Analysis of a tryptic digest of pig hemoglobin using ESI-FAIMS-MS.

The continuous gas-phase ion separation and atmospheric pressure focusing properties of high-field asymmetric waveform ion mobility spectrometry (FAIMS) offer significant advantages for the mass spectrometric analysis of tryptic digests of proteins. In this study, tryptic peptides of pig hemoglobin were examined by ESI-FAIMS-MS using a newly designed FAIMS device. The new, hemispherical geometry of the inner electrode served to deliver the ions, via the gas flows, to the center axis of the FAIMS analyzer, improving the sensitivity relative to previous prototypes.
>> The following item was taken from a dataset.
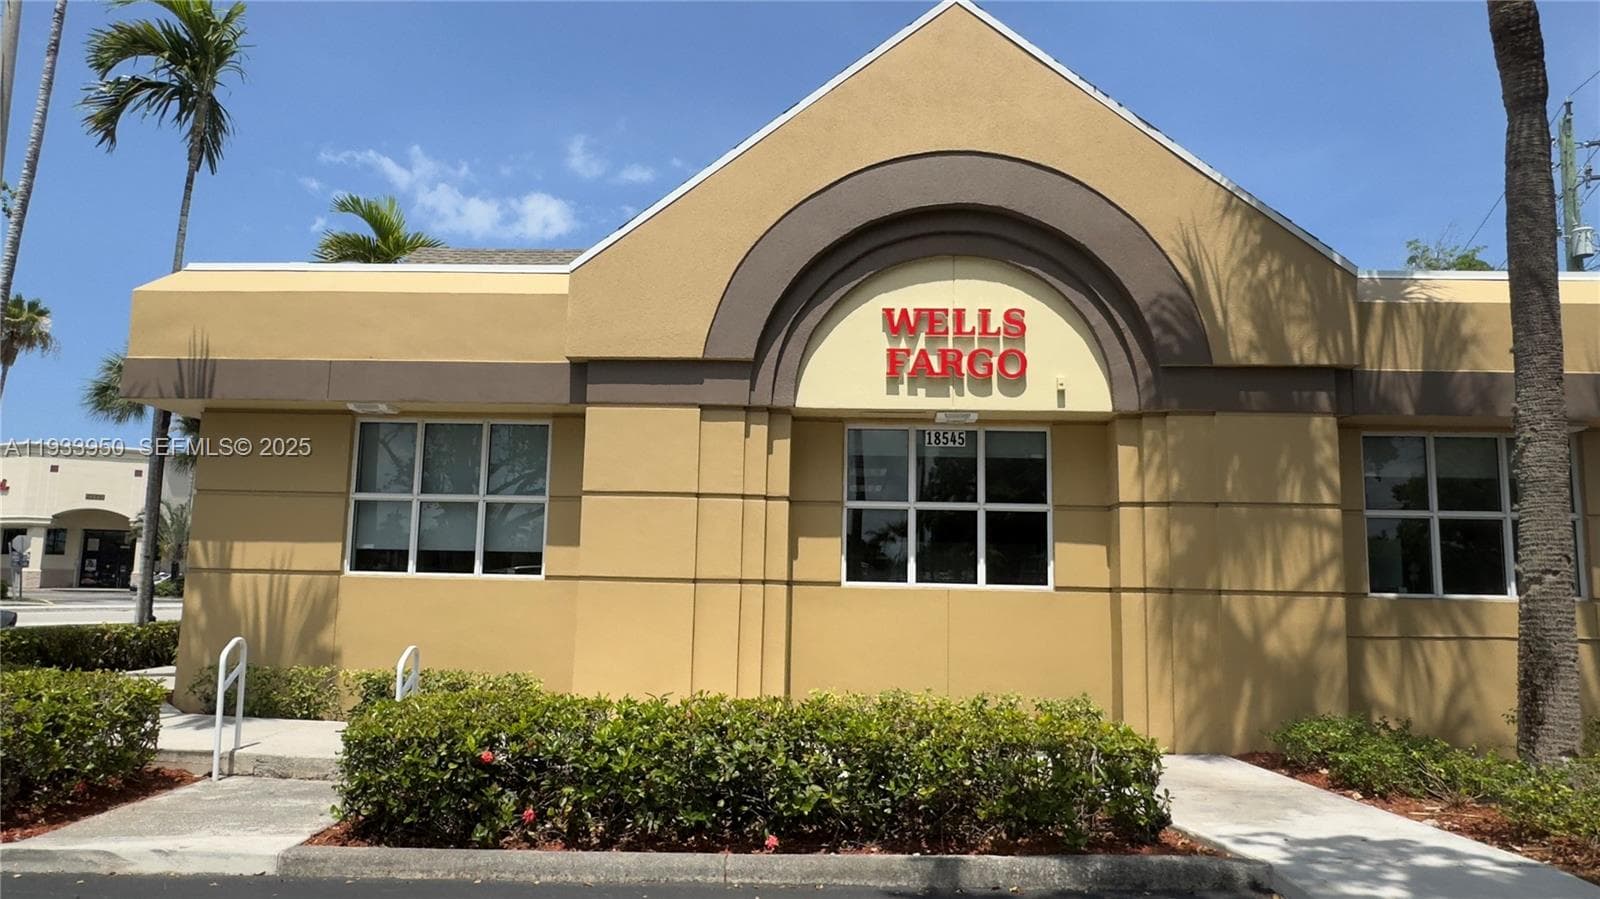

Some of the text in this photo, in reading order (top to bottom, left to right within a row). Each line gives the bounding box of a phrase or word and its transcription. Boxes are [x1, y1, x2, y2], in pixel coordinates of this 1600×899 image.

Mass spectra collected using this new FAIMS showed significantly less chemical background noise than conventional ESI-MS, while maintaining approximately the same absolute sensitivity as that observed with ESI-MS. As a consequence of the ion separation in FAIMS, the identification of the tryptic fragments was simplified and some peptides, such as the triply protonated WAGVANALAHK3+, that were obscured by the intense background of ESI-MS, were readily detected using ESI-FAIMS-MS. In addition, the FAIMS device was shown to separate isobaric ions at m/z 532.4. Correlations between CV and mass-to-charge ratio, as well as CV and ionic collision cross section, were evaluated for 38 peptide ions identified in the tryptic digest. The correlation between the CV of the peptide and the mass-to-charge ratio is very poor, indicating good orthogonality between the separation by FAIMS and the separation by mass spectrometry.